Frente al lawfare: defender la democracia
El Estado de Derecho ha resultado una de las principales conquistas, en primer lugar, del pensamiento liberal más ilustrado frente a las arbitrariedades de una modernidad que se expresó en monarquías absolutistas o en rescoldos del peor vasallaje feudal inserto en las nuevas formas de Estado que se abrirían camino a partir del S. XV. Sin embargo, a medida que la historia ha dado muestras dialécticas de los usos arbitrarios por parte de las sucesivas élites que han dominado las estructuras de poder a lo largo de los últimos siglos, la necesidad de estabilizar la democracia y la protección social han convertido al Estado de Derecho en una herramienta necesaria para la acción sindical y la protección de los derechos laborales, sociales y económicos. No obstante, este objetivo está en serio riesgo en estos momentos.
Corren tiempos difíciles para aquellos que decidieron (o decidimos) dedicarnos al derecho por considerarlo una herramienta fundamental y necesaria para garantizar una sociedad justa. El problema no tiene que ver (o, al menos, no solo) con el hecho de que en innumerables ocasiones lo justo y lo legal no sean coincidentes: el problema tiene que ver con la inseguridad jurídica que, a nuestro padecer, se está produciendo en el desarrollo de la actividad de la administración de justicia. La lentitud del desarrollo de los procesos judiciales hace inviable la justicia como tal y determinadas actuaciones judiciales que podemos considerar “arbitrarias” nos alejan del concepto de justicia y también del Estado de Derecho.

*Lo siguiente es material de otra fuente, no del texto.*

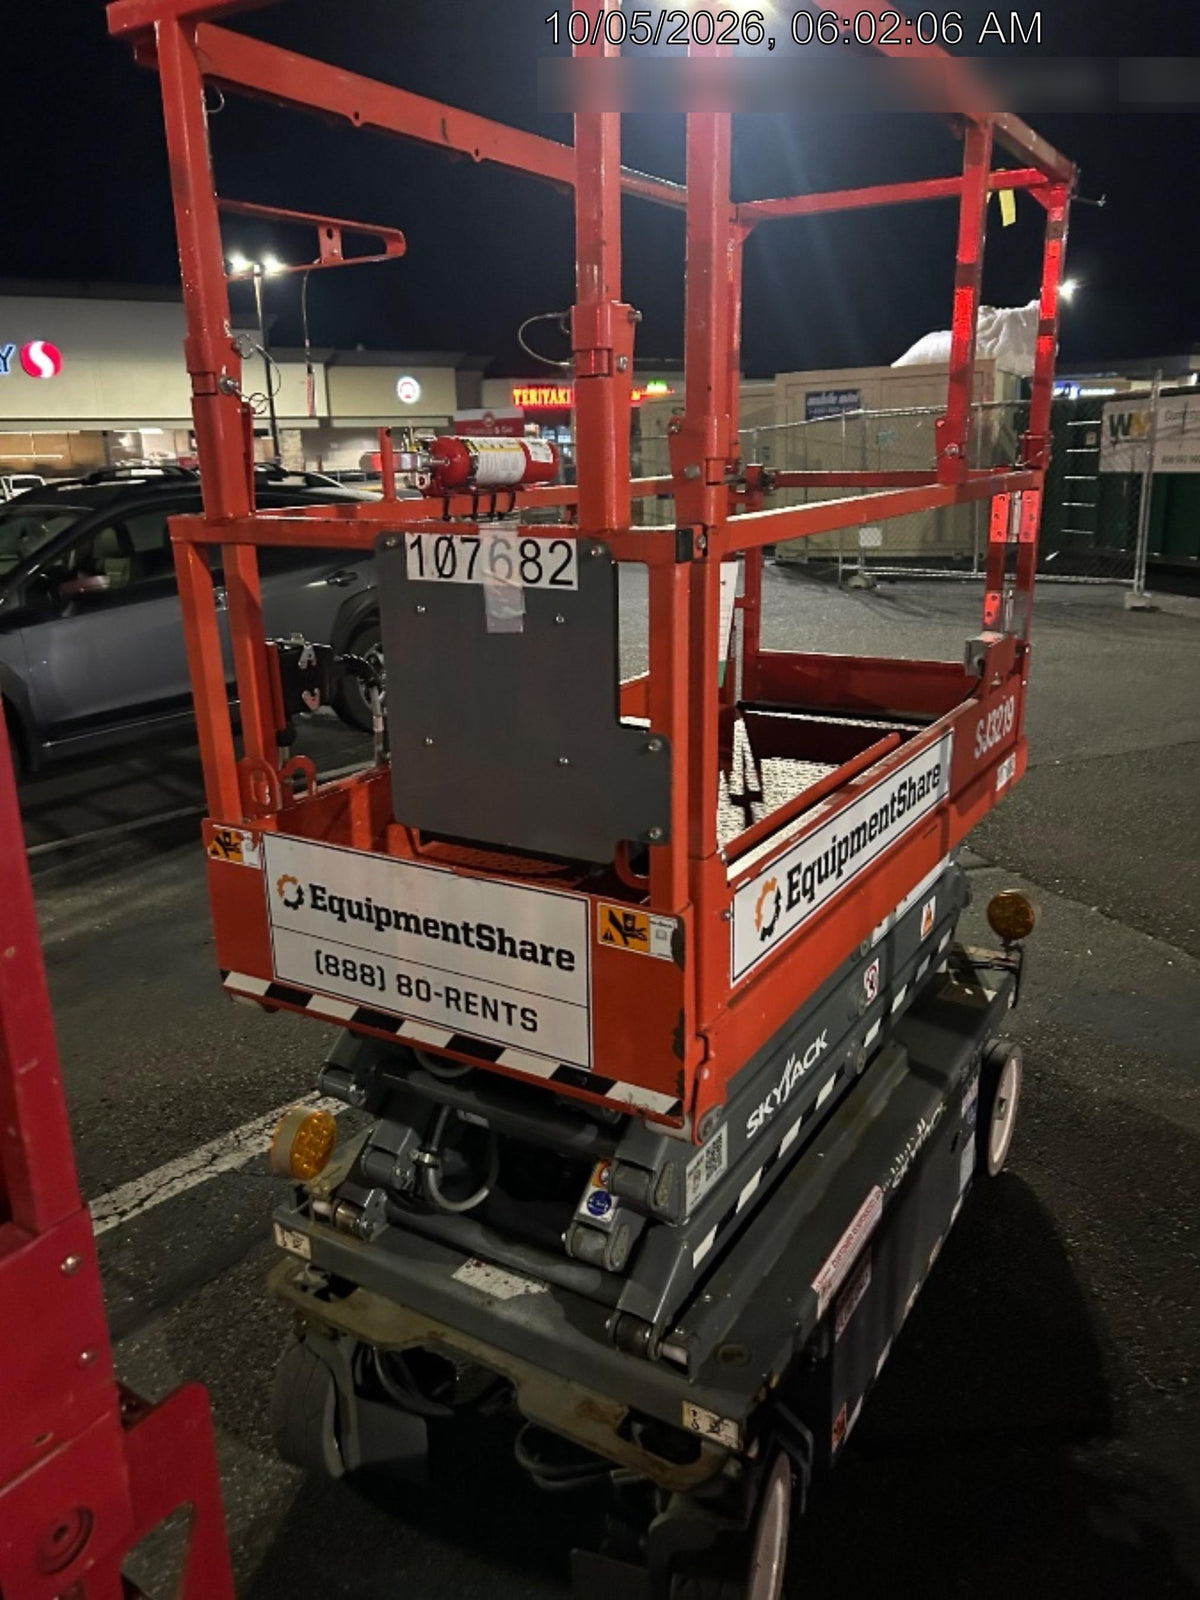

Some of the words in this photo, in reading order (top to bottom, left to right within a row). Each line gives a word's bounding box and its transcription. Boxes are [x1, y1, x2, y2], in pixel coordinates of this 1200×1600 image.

[512, 387, 571, 406] TERIYAKI
[409, 534, 574, 586] 107682
[786, 762, 942, 913] EquipmentShare
[309, 884, 576, 972] EquipmentShare
[315, 949, 387, 991] (888)
[396, 974, 538, 1033] 80-RENTS
[746, 1028, 829, 1139] SKYJACK

Las estrategias prospectivas impulsadas desde ciertos tribunales y jueces se suman a decisiones disparatadas que tensionan las costuras procesales de la justicia, en una deriva que pretende hacer de la justicia, no un poder del Estado garantista o un servicio público de calidad, sino un contrapoder de las dinámicas de transformación social y política que se van definiendo, especialmente a lo largo de la última década.
Desde el punto de vista de la justicia como poder del Estado, observamos la alarmante politización del mismo, convirtiendo este entramado institucional en un actor político que aspira a jugar, no sólo un papel de veto ante las agendas progresistas, sino un rol de desprestigio hacia ciertos sectores que, a juicio de algunos jueces y magistrados, no merecen participar activamente del juego democrático y del uso de las normas y derechos de los cuales nos hemos dotado y de los que deberían ser garantes y no fiscalizadores.
El Estado de Derecho se fundamenta en la separación de poderes. La independencia del poder ejecutivo, el poder legislativo y el poder judicial es la base de esta efectiva separación de poderes, que requiere de los mecanismos de control establecidos entre ellos. Sin embargo, cuando el poder judicial impugna las decisiones de los otros dos poderes, el Estado de Derecho queda fracturado y debilitado, y sin Estado de Derecho la democracia se resquebraja. La impugnación por parte del poder judicial de decisiones políticas de calado está lejos de ser una anécdota, desvirtuando de esta manera la voluntad popular que emana de las urnas y creando una elevada desafección de la ciudadanía hacía la justicia: el 60% de los españoles tiene poca o ninguna confianza en los jueces[1].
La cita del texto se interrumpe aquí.